## SUPPLIED ENTRIES
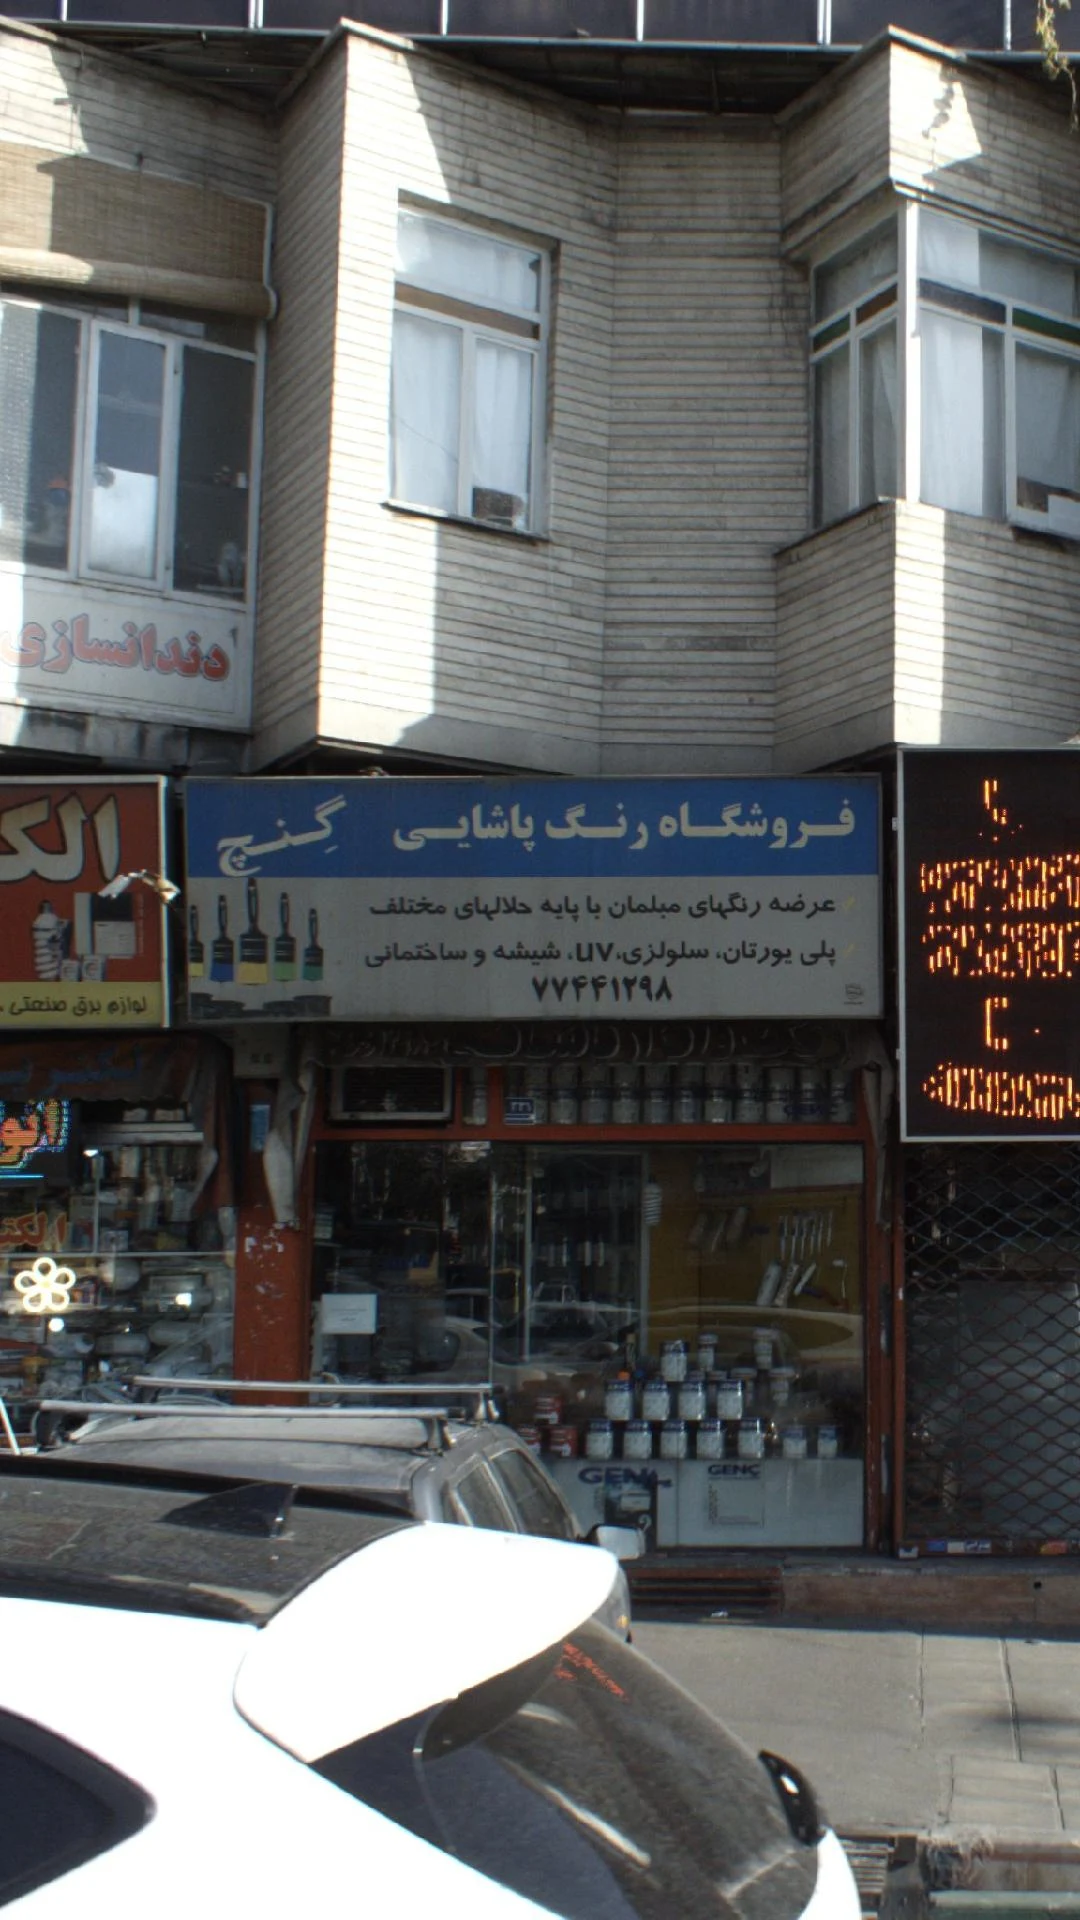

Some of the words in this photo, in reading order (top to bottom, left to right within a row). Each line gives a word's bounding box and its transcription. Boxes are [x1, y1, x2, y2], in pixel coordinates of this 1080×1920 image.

[1, 613, 230, 681] دندانسازی
[0, 791, 120, 884] الک
[393, 803, 536, 852] پاشایی
[544, 802, 650, 850] رنگ
[658, 799, 856, 850] فروشگاه
[369, 896, 447, 916] مختلف
[453, 895, 533, 922] حلالهای
[539, 895, 580, 923] پایه
[586, 895, 602, 920] با
[607, 894, 682, 920] مبلمان
[687, 891, 762, 920] رنگهای
[768, 893, 836, 920] عرضه
[364, 942, 468, 969] ساختمانی
[473, 948, 487, 968] و
[492, 941, 562, 966] شیشه
[800, 939, 836, 967] پلی
[531, 974, 673, 1002] ۷۷۴۴۱۲۹۸
[9, 996, 67, 1016] صنعتی
[72, 996, 102, 1017] برق
[107, 996, 147, 1016] لوازم
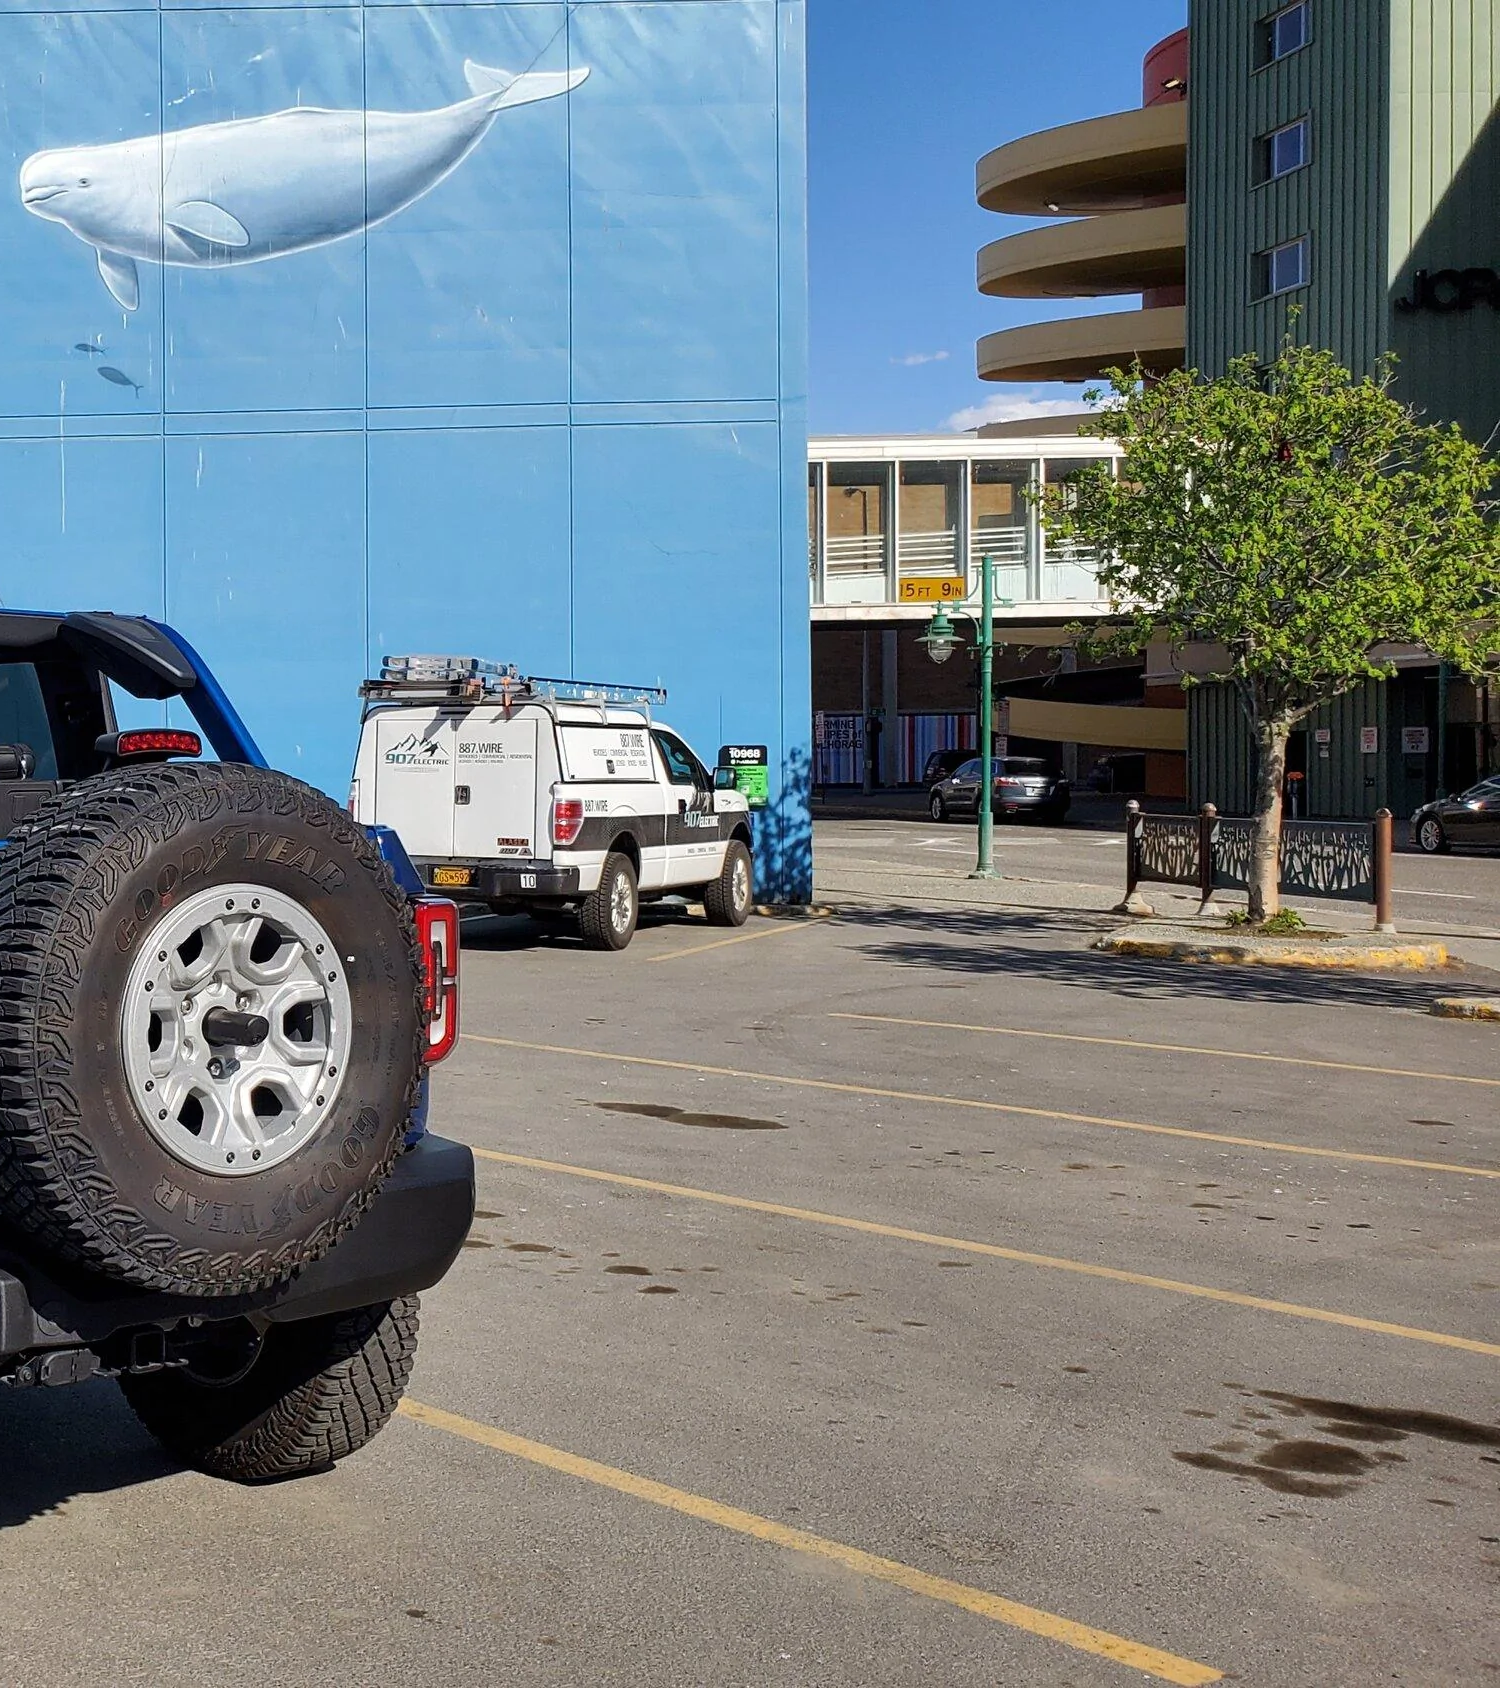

## YOUR INSTRUCTIONS
Go back to the records above and write them out exactly, without the pictures.

## WRITTEN RESPONSE
Some of the words in this photo, in reading order (top to bottom, left to right within a row). Each line gives a word's bounding box and its transcription. Boxes are [x1, y1, x2, y2], in pixel coordinates of this 1080×1920 image.

[1, 613, 230, 681] دندانسازی
[0, 791, 120, 884] الک
[393, 803, 536, 852] پاشایی
[544, 802, 650, 850] رنگ
[658, 799, 856, 850] فروشگاه
[369, 896, 447, 916] مختلف
[453, 895, 533, 922] حلالهای
[539, 895, 580, 923] پایه
[586, 895, 602, 920] با
[607, 894, 682, 920] مبلمان
[687, 891, 762, 920] رنگهای
[768, 893, 836, 920] عرضه
[364, 942, 468, 969] ساختمانی
[473, 948, 487, 968] و
[492, 941, 562, 966] شیشه
[800, 939, 836, 967] پلی
[531, 974, 673, 1002] ۷۷۴۴۱۲۹۸
[9, 996, 67, 1016] صنعتی
[72, 996, 102, 1017] برق
[107, 996, 147, 1016] لوازم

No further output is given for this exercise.